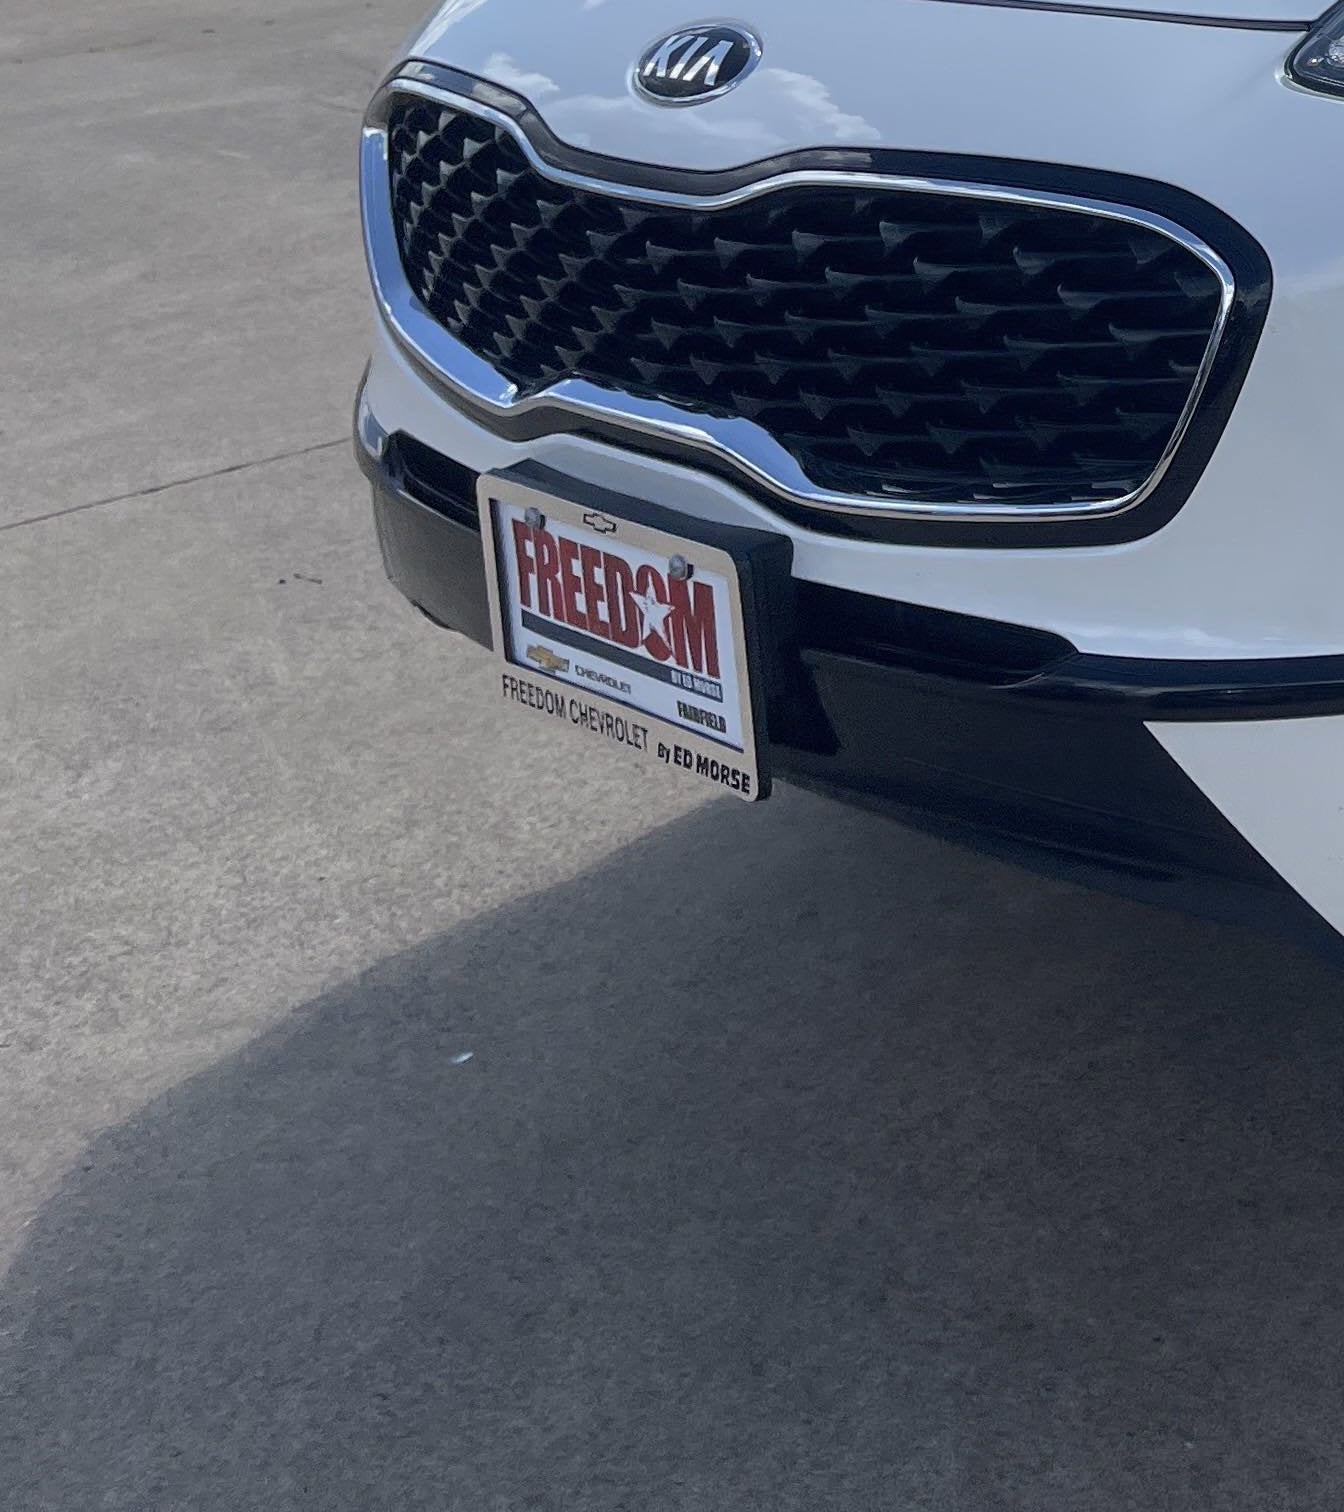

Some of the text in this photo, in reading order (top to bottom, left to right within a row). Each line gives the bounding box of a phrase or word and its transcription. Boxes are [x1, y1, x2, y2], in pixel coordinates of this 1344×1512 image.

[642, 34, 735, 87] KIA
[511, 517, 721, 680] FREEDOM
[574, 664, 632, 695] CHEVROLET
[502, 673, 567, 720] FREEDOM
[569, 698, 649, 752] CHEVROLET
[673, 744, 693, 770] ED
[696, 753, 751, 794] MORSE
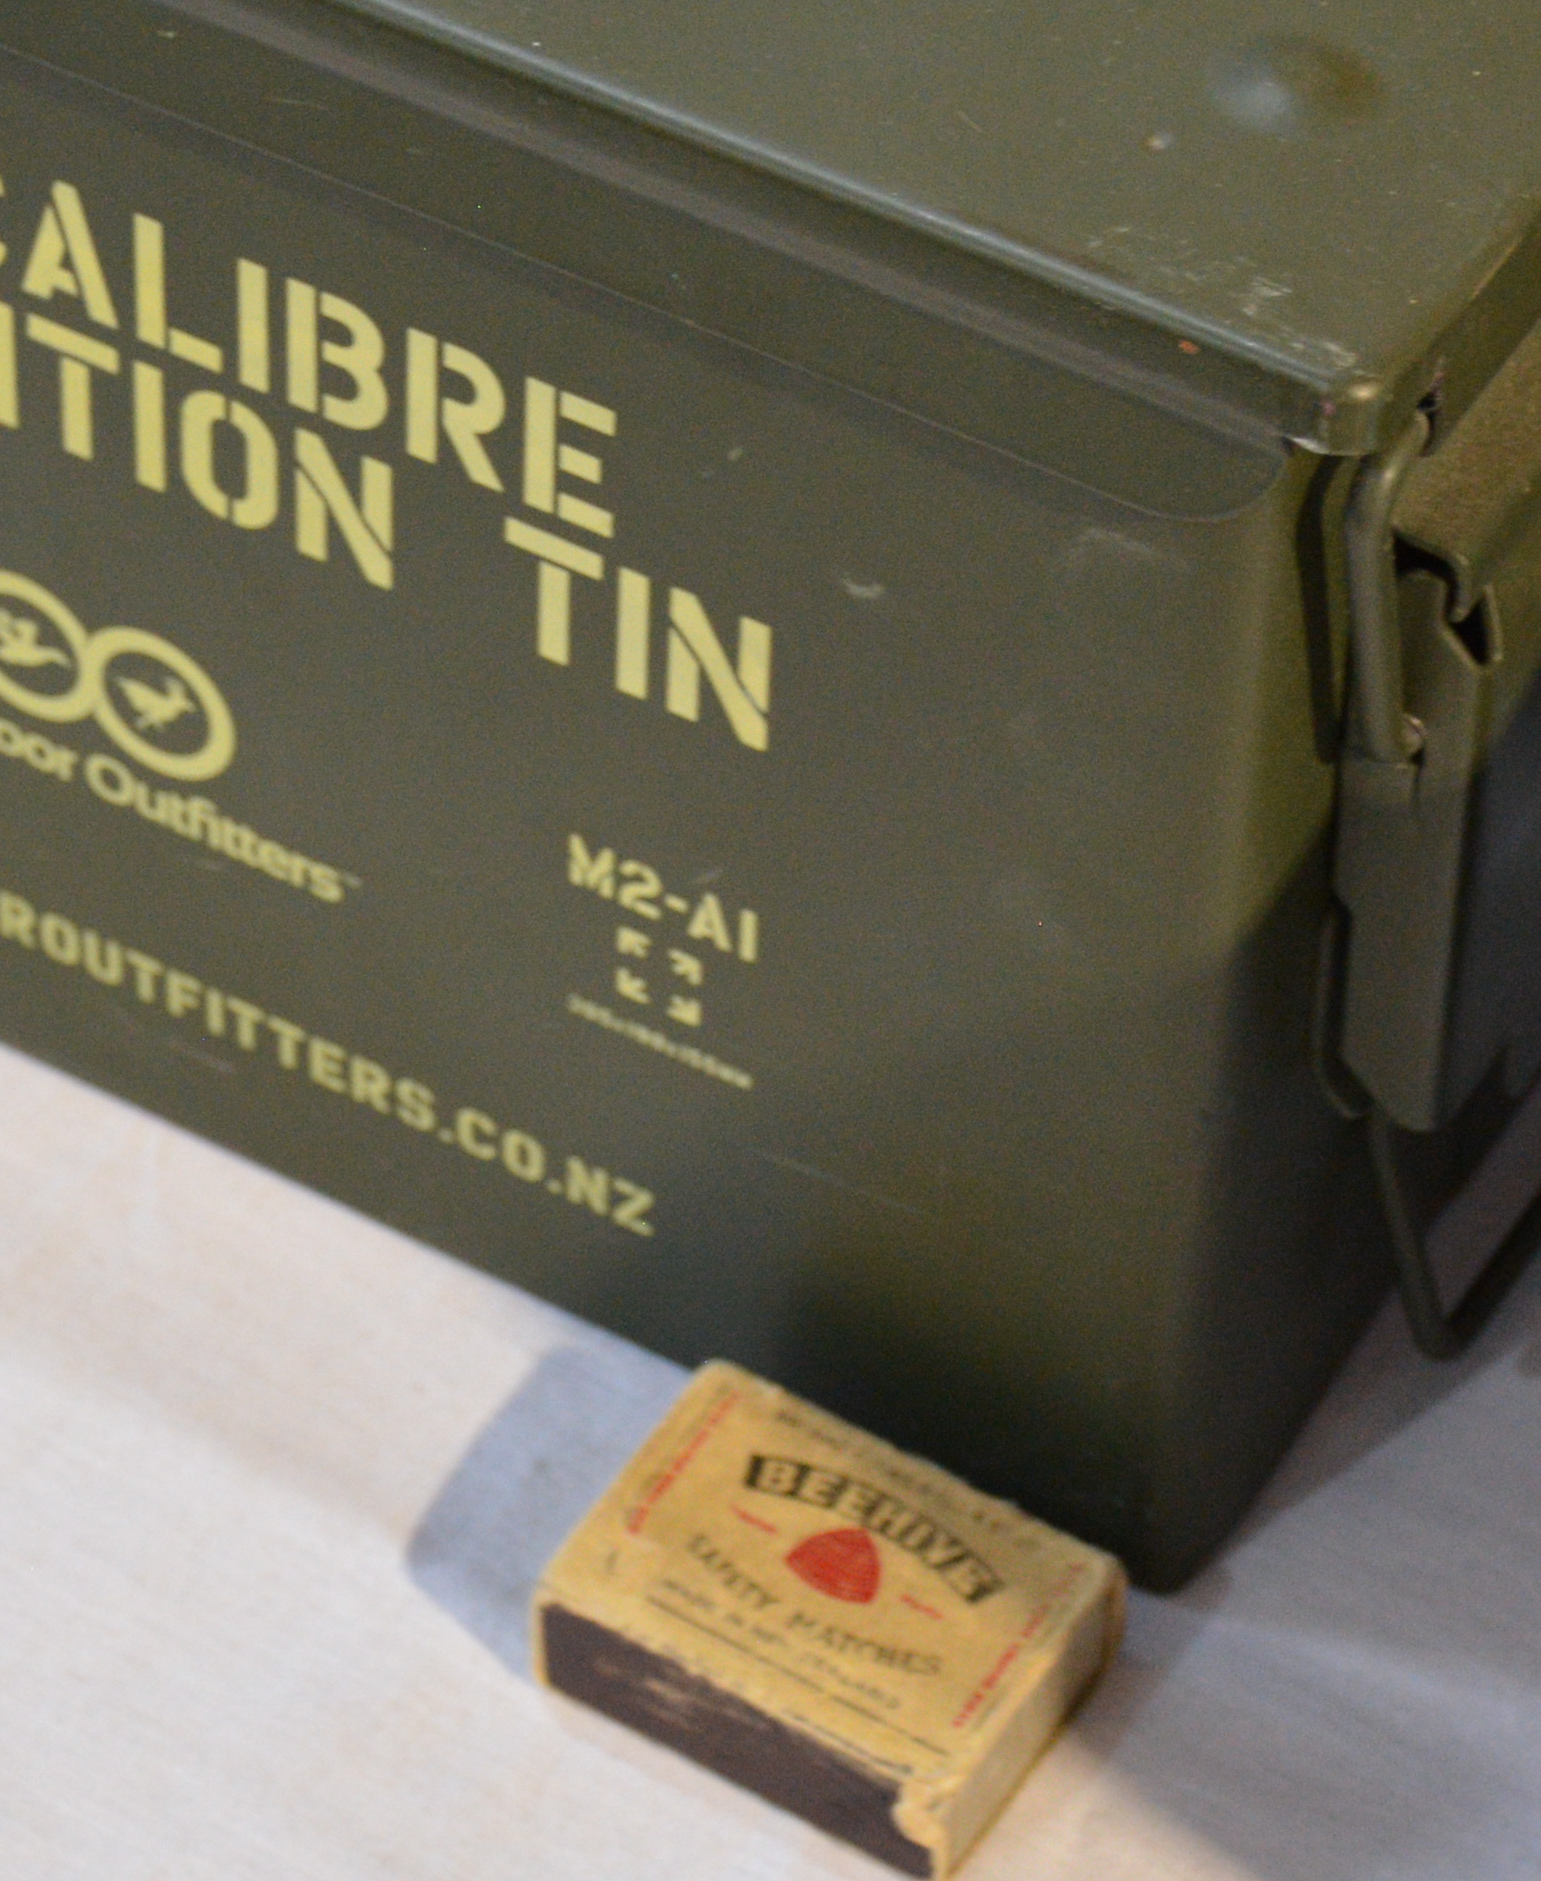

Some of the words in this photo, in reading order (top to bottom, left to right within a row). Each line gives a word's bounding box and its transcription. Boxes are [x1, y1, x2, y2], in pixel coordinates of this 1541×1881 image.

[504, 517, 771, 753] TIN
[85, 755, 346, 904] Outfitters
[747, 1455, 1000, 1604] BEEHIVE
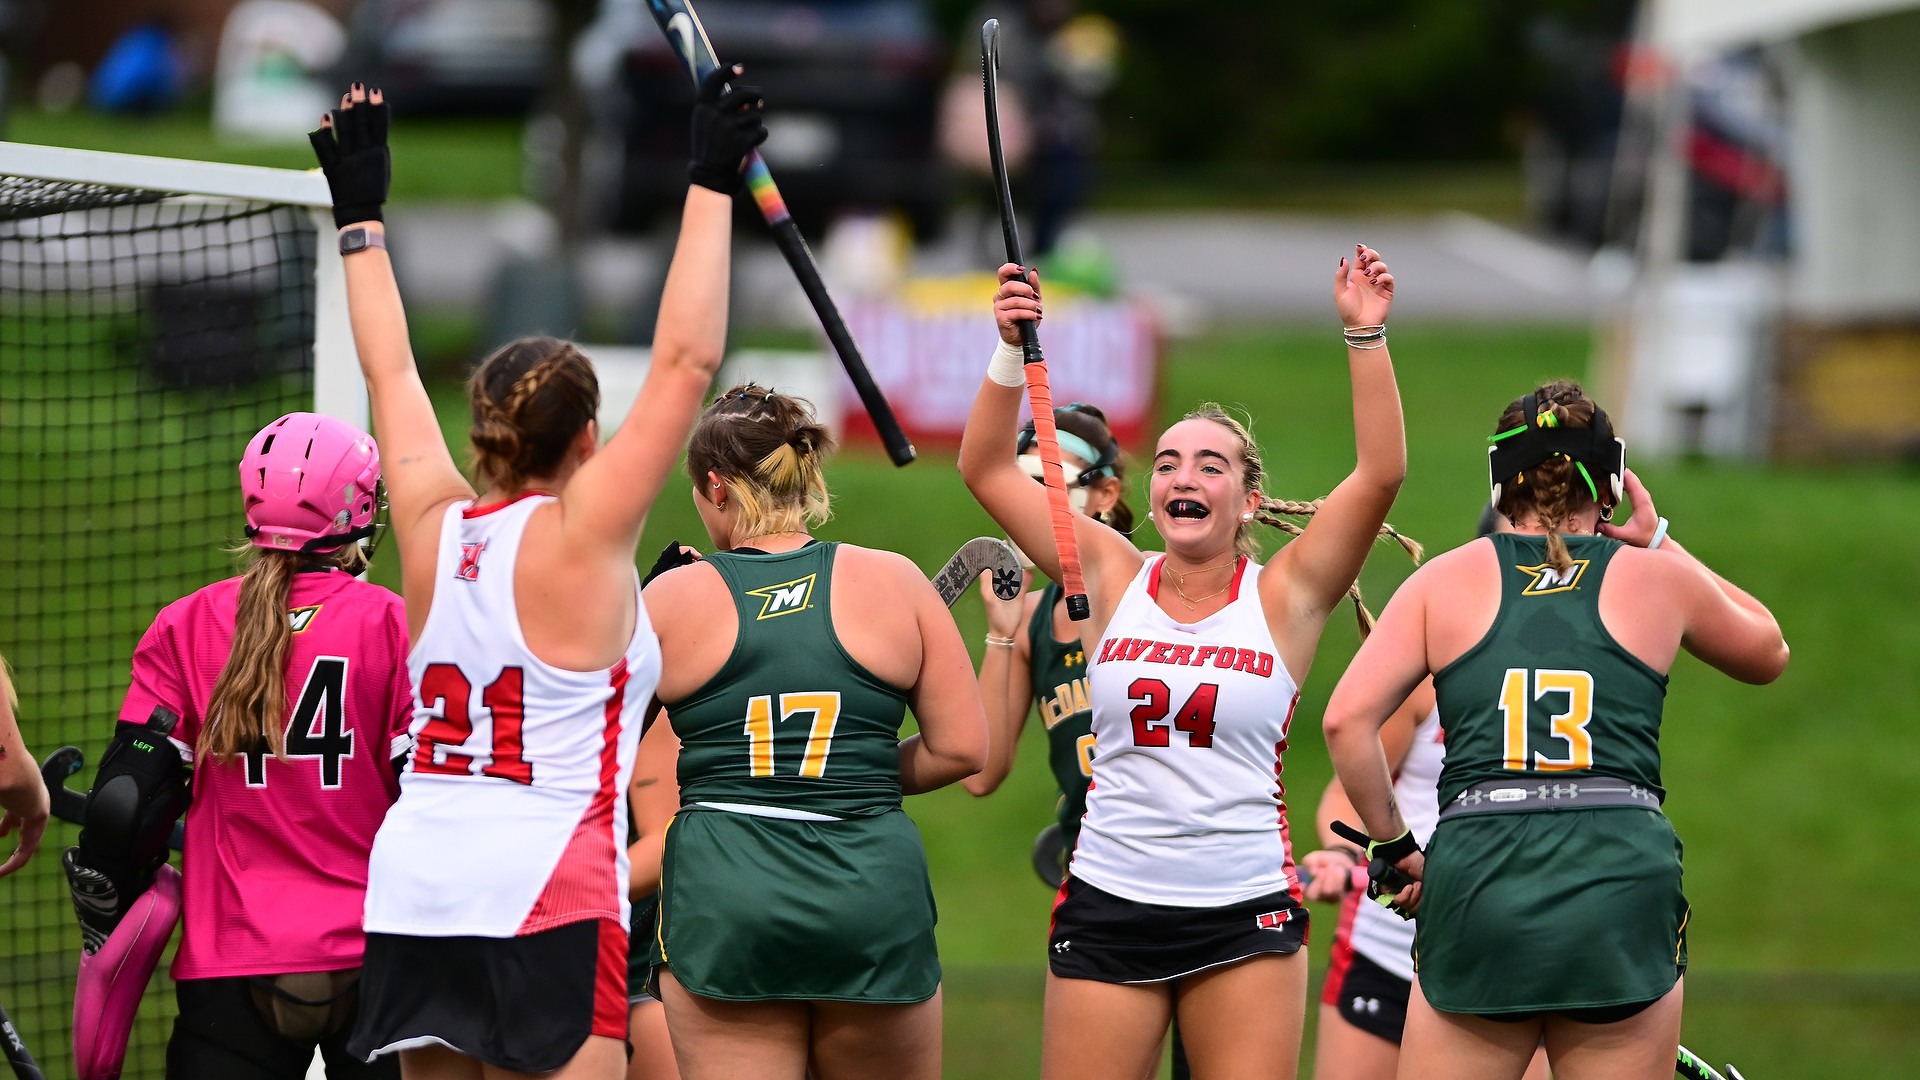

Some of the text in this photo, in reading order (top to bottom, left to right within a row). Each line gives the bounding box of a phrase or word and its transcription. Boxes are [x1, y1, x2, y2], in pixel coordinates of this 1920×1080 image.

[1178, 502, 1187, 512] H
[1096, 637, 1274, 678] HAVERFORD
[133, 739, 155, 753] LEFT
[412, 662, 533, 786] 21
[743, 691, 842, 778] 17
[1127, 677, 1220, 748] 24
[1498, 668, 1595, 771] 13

## How to complete this task
A faithful, complete copy of the records above is required, one that contains no pictures.

## Task solution
Some of the text in this photo, in reading order (top to bottom, left to right within a row). Each line gives the bounding box of a phrase or word and its transcription. Boxes are [x1, y1, x2, y2], in pixel coordinates of this 1344×1512 image.

[642, 34, 735, 87] KIA
[511, 517, 721, 680] FREEDOM
[574, 664, 632, 695] CHEVROLET
[502, 673, 567, 720] FREEDOM
[569, 698, 649, 752] CHEVROLET
[673, 744, 693, 770] ED
[696, 753, 751, 794] MORSE

Some of the words in this photo, in reading order (top to bottom, left to right within a row). Each line gives a word's bounding box and its transcription. Boxes are [x1, y1, x2, y2], in pixel coordinates of this 1541×1881 image.

[504, 517, 771, 753] TIN
[85, 755, 346, 904] Outfitters
[747, 1455, 1000, 1604] BEEHIVE

Some of the text in this photo, in reading order (top to bottom, left to right within a row). Each line gives the bounding box of a phrase or word and its transcription. Boxes are [x1, y1, x2, y2], in pixel coordinates of this 1920×1080 image.

[1178, 502, 1187, 512] H
[1096, 637, 1274, 678] HAVERFORD
[133, 739, 155, 753] LEFT
[412, 662, 533, 786] 21
[743, 691, 842, 778] 17
[1127, 677, 1220, 748] 24
[1498, 668, 1595, 771] 13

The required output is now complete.